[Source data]
[Start of section]
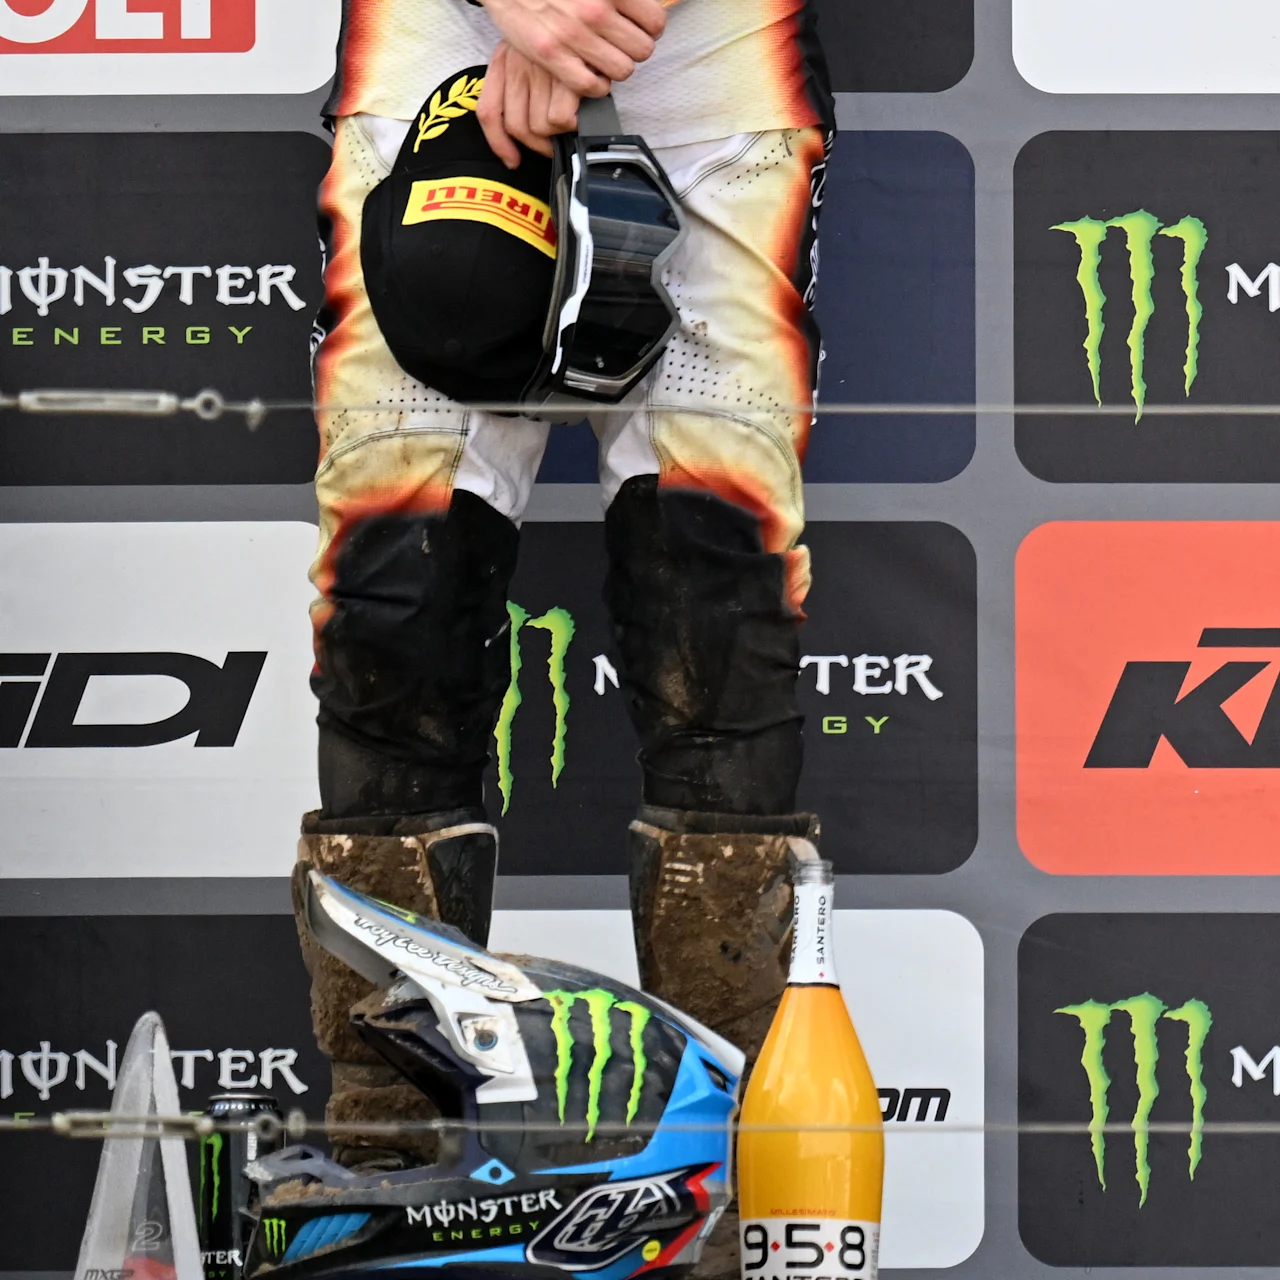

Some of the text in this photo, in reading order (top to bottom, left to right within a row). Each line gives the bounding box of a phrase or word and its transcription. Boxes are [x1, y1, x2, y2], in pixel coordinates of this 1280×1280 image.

[0, 256, 306, 314] ONSTER
[14, 326, 253, 345] ENERGY
[816, 895, 828, 965] SANTERO
[405, 1188, 563, 1228] MONSTER
[131, 1221, 163, 1252] 2
[432, 1220, 540, 1242] ENERGY
[End of section]
TASK OBJECTIVE: Reproduce every record above exactly as given, excluding pictures from the result.

RESULT FOR THIS TASK:
Some of the text in this photo, in reading order (top to bottom, left to right within a row). Each line gives the bounding box of a phrase or word and its transcription. Boxes are [x1, y1, x2, y2], in pixel coordinates of this 1280×1280 image.

[0, 256, 306, 314] ONSTER
[14, 326, 253, 345] ENERGY
[816, 895, 828, 965] SANTERO
[405, 1188, 563, 1228] MONSTER
[131, 1221, 163, 1252] 2
[432, 1220, 540, 1242] ENERGY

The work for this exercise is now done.